Make these scripts executable:

sudo chmod +x /usr/local/bin/check_postgres_status.sh
sudo chmod +x /usr/local/bin/patroni_promote.sh
sudo chmod +x /usr/local/bin/patroni_demote.sh
sudo chmod +x /usr/local/bin/patroni_stop.sh

Starting Keepalived

On each PostgreSQL node:

sudo systemctl start keepalived
sudo systemctl enable keepalived

Monitor the Keepalived logs (e.g., /var/log/syslog or journalctl -u keepalived) for state transitions and VIP assignment. The VIP should appear on the node that Patroni has elected as the leader.

Integrating C++ Application Clients

Your C++ application clients should be configured to connect to the PostgreSQL VIP (e.g., 192.168.1.100:5432) instead of a specific PostgreSQL server’s IP address. This abstracts the underlying database infrastructure.

Connection String Example

When using a PostgreSQL client library (like libpq), the connection string would look like this:

"host=192.168.1.100 port=5432 dbname=your_db user=your_user password=your_password"

Ensure your C++ application’s database connection logic is parameterized to accept the host and port, allowing you to easily update it to point to the VIP.

Testing Failover

To test the automated failover:

Identify the current primary PostgreSQL node (check the VIP or Patroni API).
Gracefully stop the Patroni service on the primary node: sudo systemctl stop patroni.
Observe the logs on the other PostgreSQL nodes. Patroni on a standby node should detect the primary’s failure, initiate a leader election, and promote itself to become the new primary.
Keepalived should detect the loss of the primary node (via the check_postgres_status.sh script failing) and move the VIP to the new primary node.
Verify that your C++ application can still connect and perform operations using the VIP.

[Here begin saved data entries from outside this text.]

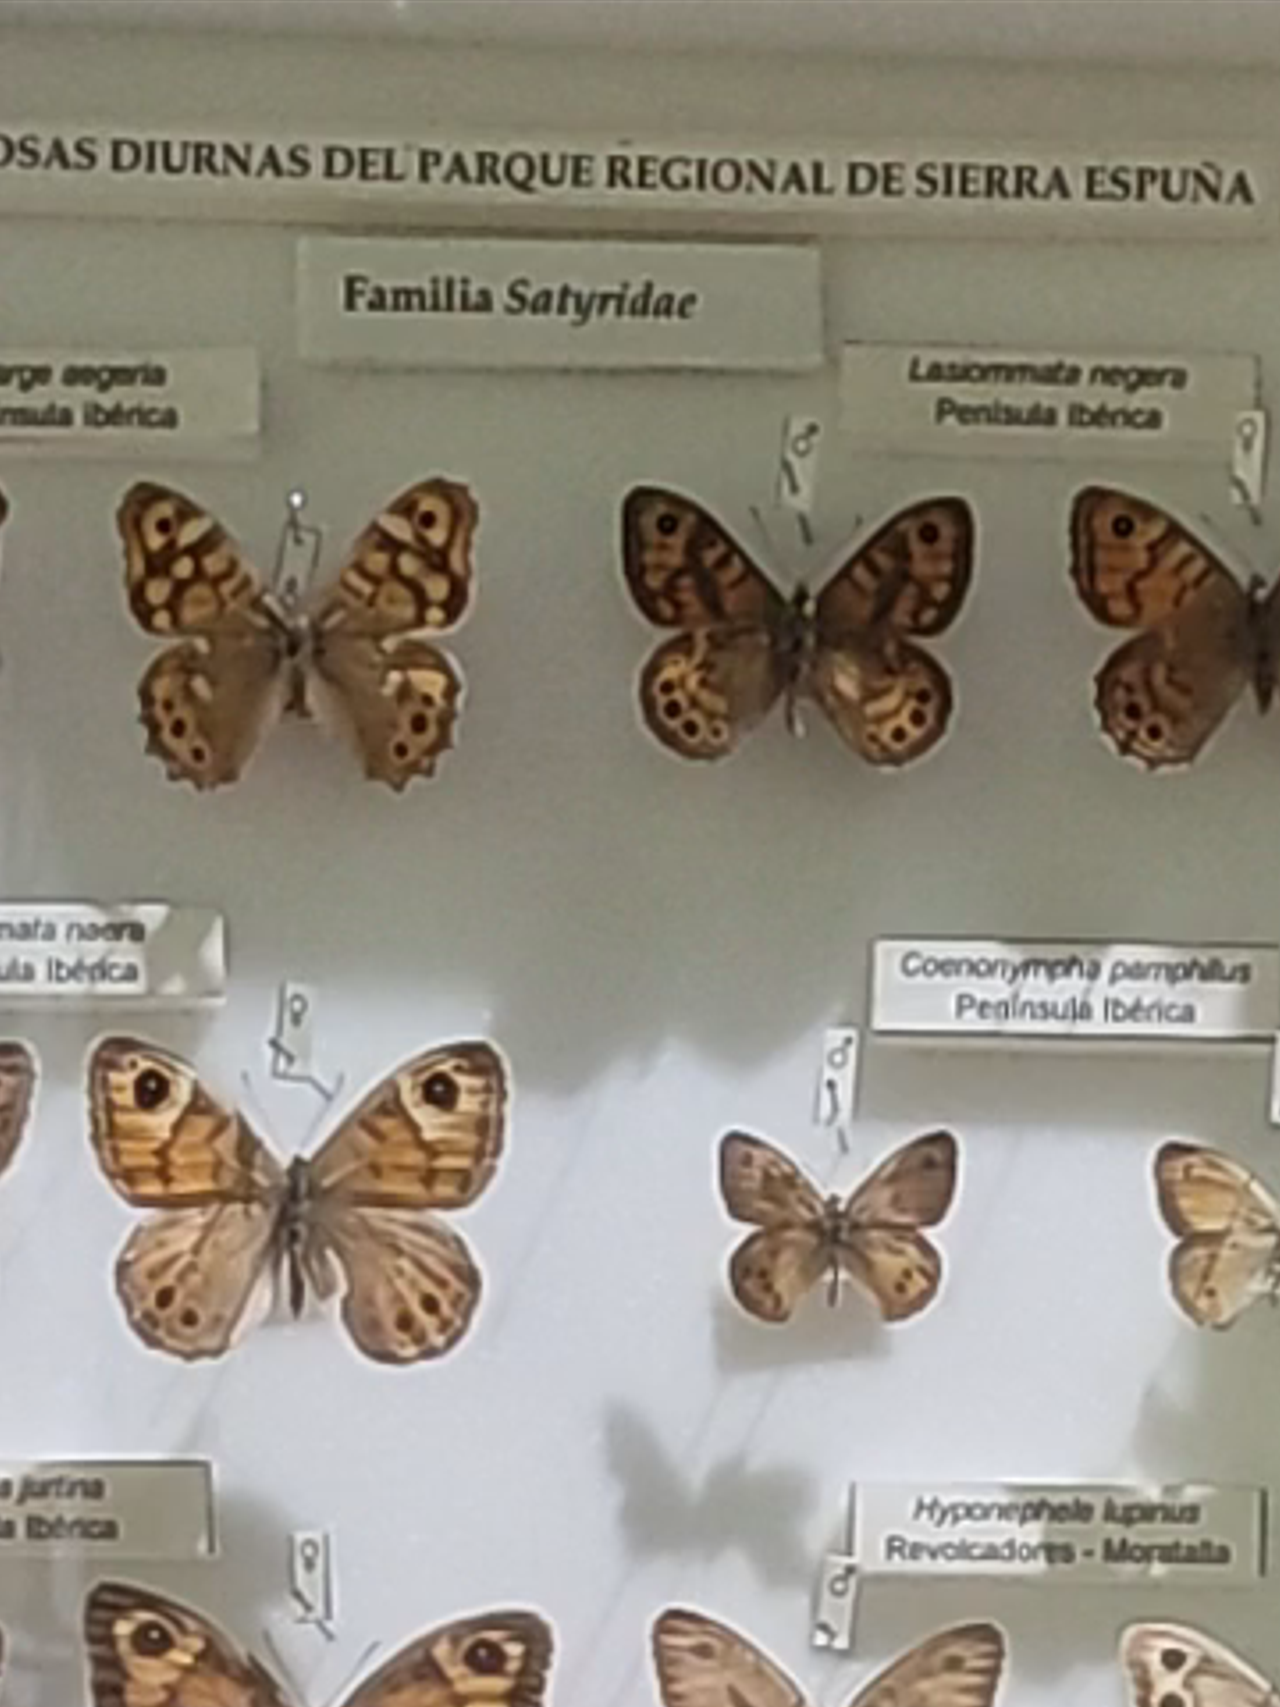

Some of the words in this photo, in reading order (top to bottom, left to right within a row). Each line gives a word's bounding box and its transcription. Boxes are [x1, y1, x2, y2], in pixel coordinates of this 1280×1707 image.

[111, 138, 311, 178] DIURNAS
[323, 145, 406, 183] DEL
[418, 148, 594, 194] PARQUE
[605, 155, 835, 196] REGIONAL
[847, 162, 904, 197] DE
[915, 163, 1071, 200] SIERRA
[1085, 161, 1256, 206] ESPUÑA
[343, 276, 492, 313] Familia
[504, 279, 697, 326] Satyridae
[1103, 996, 1195, 1024] Ibérica

For a more aggressive test, you can simulate a network failure or forcefully reboot the primary node. Always ensure you have a robust backup strategy in place before performing such tests in a production environment.

Production Considerations and Enhancements

This setup provides a solid foundation for PostgreSQL HA. For production deployments, consider the following:

Multi-Node etcd Cluster: For etcd’s own high availability, deploy a 3 or 5-node etcd cluster.
Synchronous Replication: Configure PostgreSQL and Patroni for synchronous replication if zero data loss is a strict requirement. This will impact write performance.
Network Configuration: Ensure proper firewall rules are in place to allow communication between etcd nodes, PostgreSQL nodes, and Keepalived’s VRRP traffic (protocol 112).
Monitoring: Implement comprehensive monitoring for Patroni, etcd, PostgreSQL, and Keepalived. Tools like Prometheus with exporters are highly recommended.
Backups: Regularly back up your PostgreSQL data using tools like pg_dump or pg_basebackup.
Security: Use SSL for etcd and PostgreSQL communication. Secure Keepalived authentication.
Testing: Regularly test failover scenarios to ensure the system behaves as expected.
PostgreSQL Version: Ensure all nodes are running the same PostgreSQL version.
Resource Allocation: Adequately provision CPU, memory, and disk I/O for your PostgreSQL instances, especially for the primary node.
OVH Specifics: Understand OVH’s network configuration, including floating IPs and internal network segmentation, which might influence your VIP strategy. You might consider using OVH’s managed PostgreSQL service if it meets your requirements and simplifies HA management.